The Healthy Balance Between Work and Homelife in a New Digital Age

Luke Southern/Unsplash

Portable work is here to stay.

Emilyanne Richart, Reporter

The pandemic has prompted the working class to reassess their relationship with their careers. Many people are straying away from the idea of job-centric lives as they explore their creative passions while in quarantine. Meanwhile, others are enjoying the flexibility remote work entails and wishes to continue working digitally post-pandemic. Either way, it can be argued that the old-fashioned American job model is overdue for a drastic change as remote work grows in favorability.

The current American job model is surprisingly similar to one of decades ago. The modern office is deeply connected to its roots in the 1940’s, the so-called ‘military model.’ This job model was structured around a drastically different culture than that of today. A new office culture should accompany modern social needs and technological advances. The current job model leaves little to no space for creativity and art.

After rediscovering their creative side in quarantine, many people are looking to chase their passions instead of returning to a mundane 9-5 work schedule. Others are planning on living a multifaceted life, where they can work digitally while pursuing their passions and maintaining their busy home lives. Similarly, an influx of employees have found a balance between their personal lives and work, which causes them to be more productive work-wise.

Facebook CEO Mark Zuckerberg believes this to be true. In an internal memo, Zuckerberg wrote that, “Working remotely has given me more space for long-term thinking and helped me spend more time with my family, which has made me happier and more productive at work.” Because of his positive personal experience working online, Zuckerberg is planning on digitizing the workplace for Facebook employees.

Remote jobs are becoming more appealing to the masses, where many employers are offering full time or hybrid remote positions to potential and current candidates. This is especially true for tech companies such as Shopify, Pinterest, Twitter, Spotify, and Facebook. In May, Twitter and Facebook announced a future of permanent remote work for their staff.

Shopify is an online commerce program for entrepreneurs, where users can create their own businesses and sell their products online. Yet, the consumers of this site aren’t the only ones working remotely. CEO Toni Lutke stressed the appeal of remote work in a tweet last May, when he announced the option for Shopify employees to work from home permanently, stating, “Office centricity is over.”

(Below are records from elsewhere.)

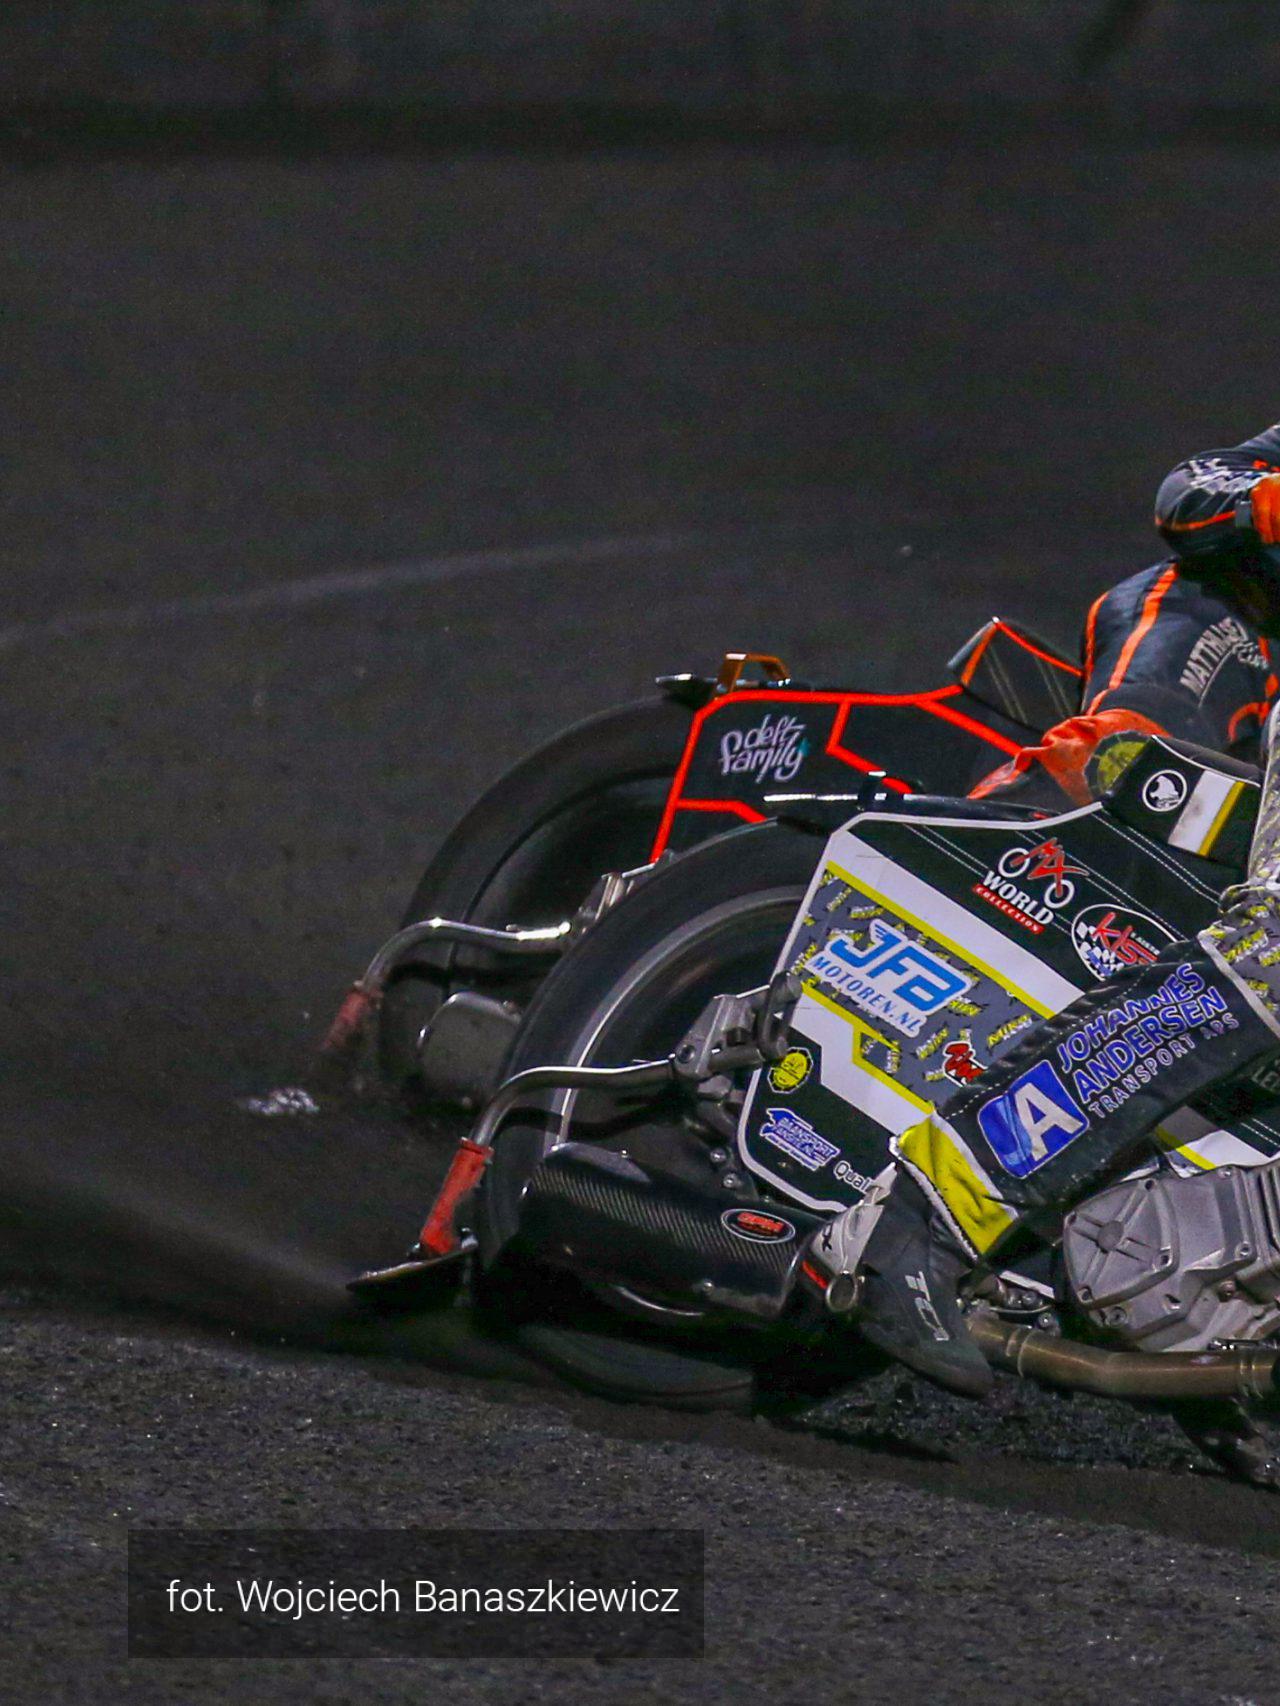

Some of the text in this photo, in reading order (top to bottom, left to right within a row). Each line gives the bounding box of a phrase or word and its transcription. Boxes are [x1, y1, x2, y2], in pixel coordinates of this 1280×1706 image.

[719, 731, 803, 784] family
[744, 714, 806, 748] deft
[975, 886, 1040, 932] COLLECTION
[983, 870, 1054, 924] WORLD
[813, 956, 922, 1033] MOTOREN.NL
[1056, 963, 1206, 1074] JOHANNES
[1072, 986, 1228, 1104] ANDERSEN
[1088, 1033, 1196, 1119] TRANSPORT

Although tech companies were quick to introduce a new standard of work, others were less excited to jump into a future of remote work. Yet, as the pandemic dragged on, they began to ease up. In February, Goldman’s CEO David Solomon stated that remote work is an “aberration that we’re going to correct as quickly as possible.” JPMorgan CEO Jamie Dimon held a similar belief, stating that remote work, “doesn’t work for those who want to hustle. It doesn’t work for spontaneous idea generation. It doesn’t work for culture.” Yet now, they have given up on forcing their employees to be in the office five days a week as their competitors are fazing into a digital age.

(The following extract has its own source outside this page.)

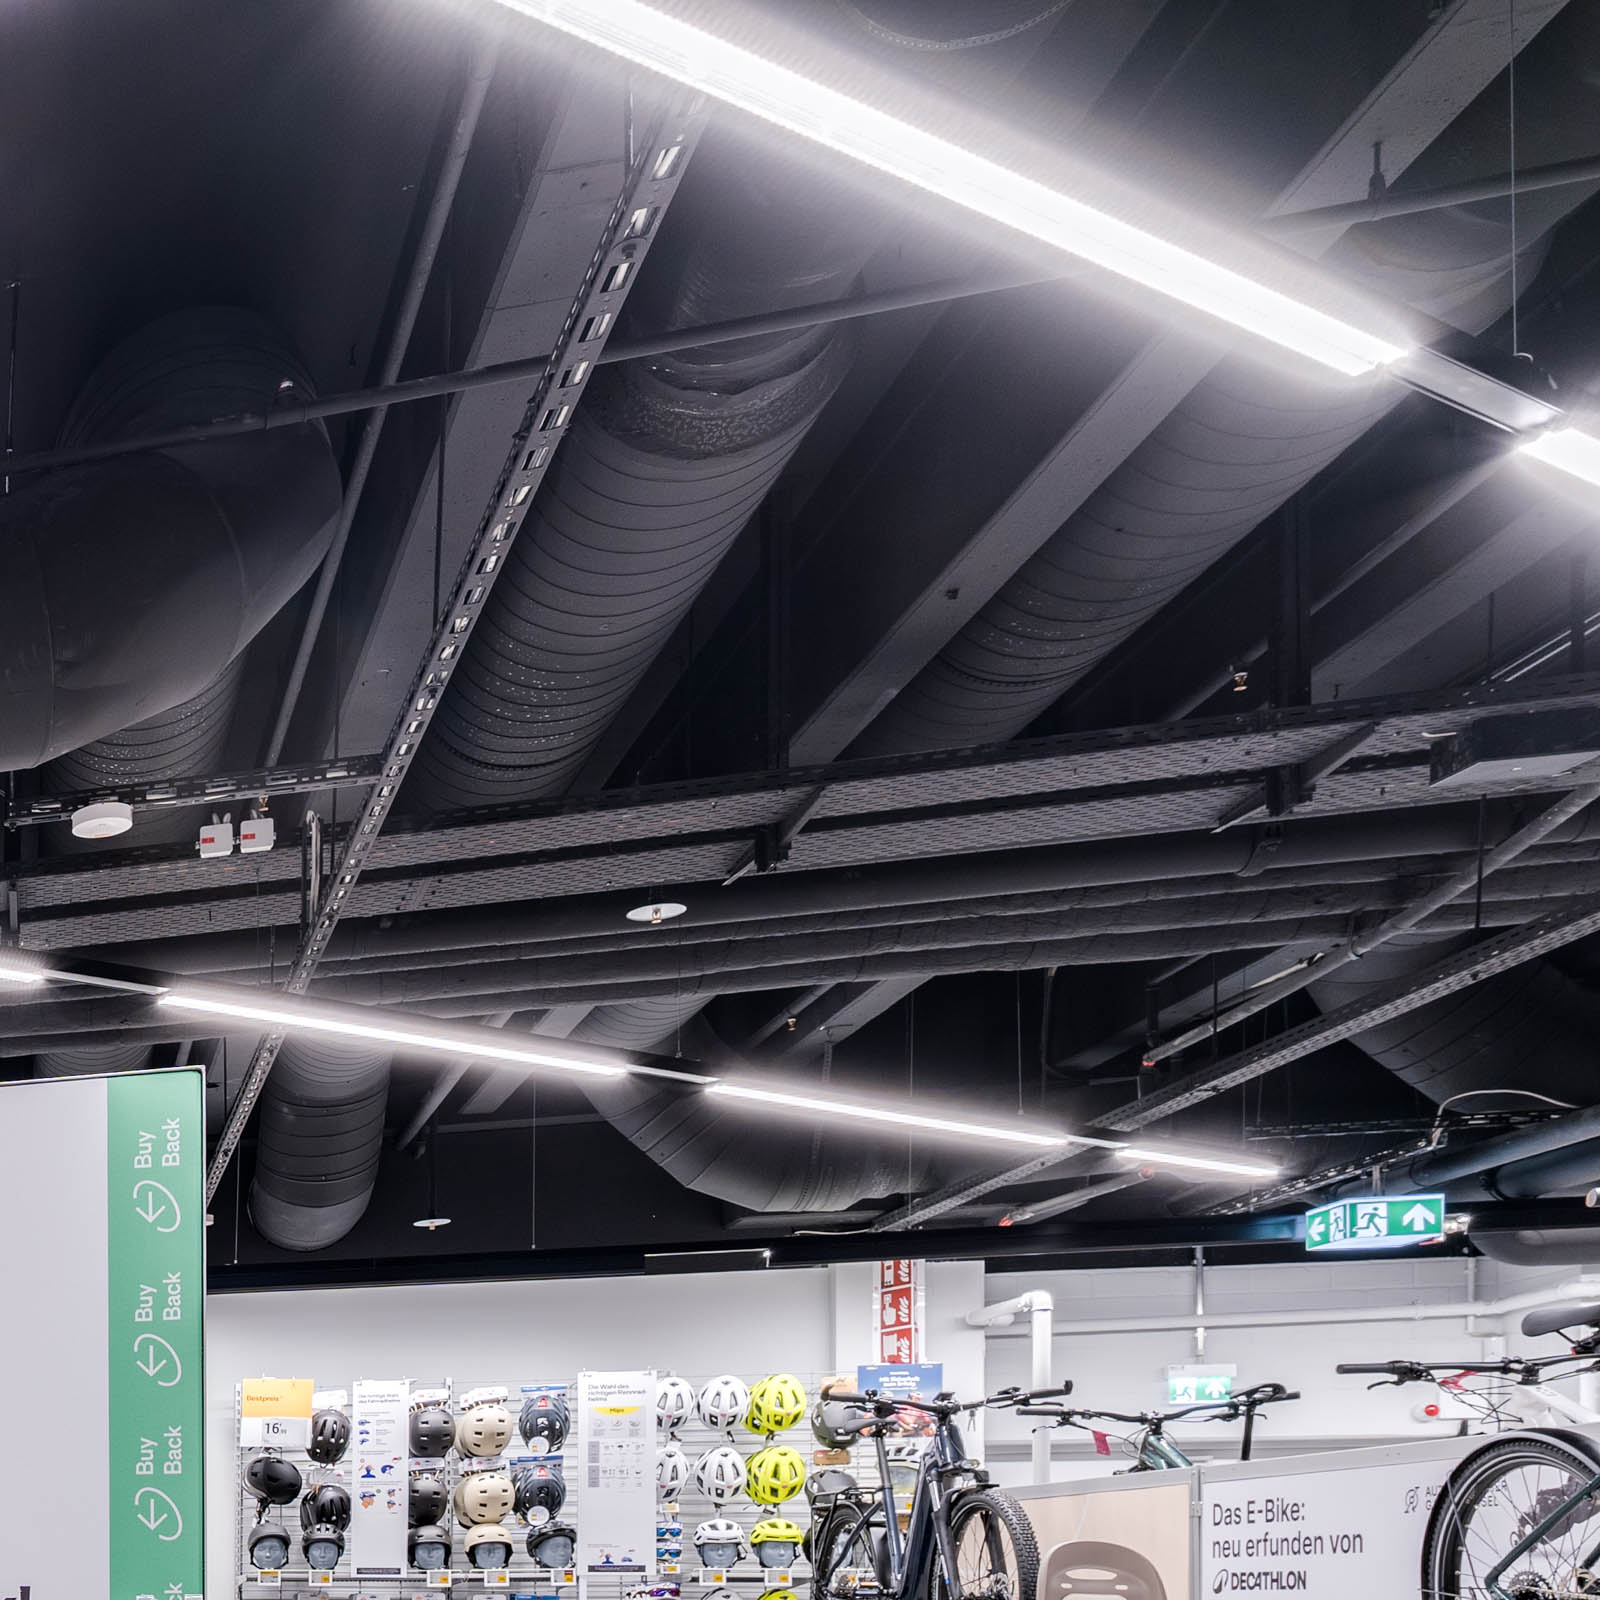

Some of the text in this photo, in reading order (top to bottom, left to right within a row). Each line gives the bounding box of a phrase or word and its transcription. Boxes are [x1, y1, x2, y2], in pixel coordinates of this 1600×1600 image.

The research indicates that working remotely can have a positive effect on the productivity of employees. A study from the National Bureau of Economic Research’s working paper series found that remote employees report that they are more productive at home. In a sample survey of 2,500 workers, 40% of those working remotely said that they were more productive when working remotely, 45% said that they were equally efficient as to when they worked in person, and only 15% said that they were less efficient. One of the authors of this report, Nicholas Bloom, an economist at Stanford University, states that this increase in productivity is largely based on saved commuting time as well as an overall greater efficiency.

Yet, Forbes’ reporter Tracy Brower argues that an increase in productivity in the early stages of the pandemic was a ‘panic productivity,’ where employees experienced an adrenaline boost due to the dangers of an unforeseeable future. She also believes that an increase in productivity correlates with the blurred lines between home and work life while working at home. After all, it’s easier to work into the night when your workplace is your bedroom compared to when you’re workplace is an hour away. To combat this, Brower believes that companies should introduce a state of balance, where work is in intermixed with time off. A hybrid work model might be the compromise between both sides of the aisle.

It can be said that remote work is very plausible if looked through the lens of time management. In an interview with the Washington Post, Bloom stated that the future of work should be a hybrid model, where employees return to the office two or three days out of a week. In these days, employees should entertain the hyper-social events such as meetings, trainings, etc. He wants to reallocate the quiet time, the time in which employees work by themselves, to the two days of remote work.

The pandemic has caused employees and businesses alike to reevaluate the workplace and stride towards a digital future of productivity and balance.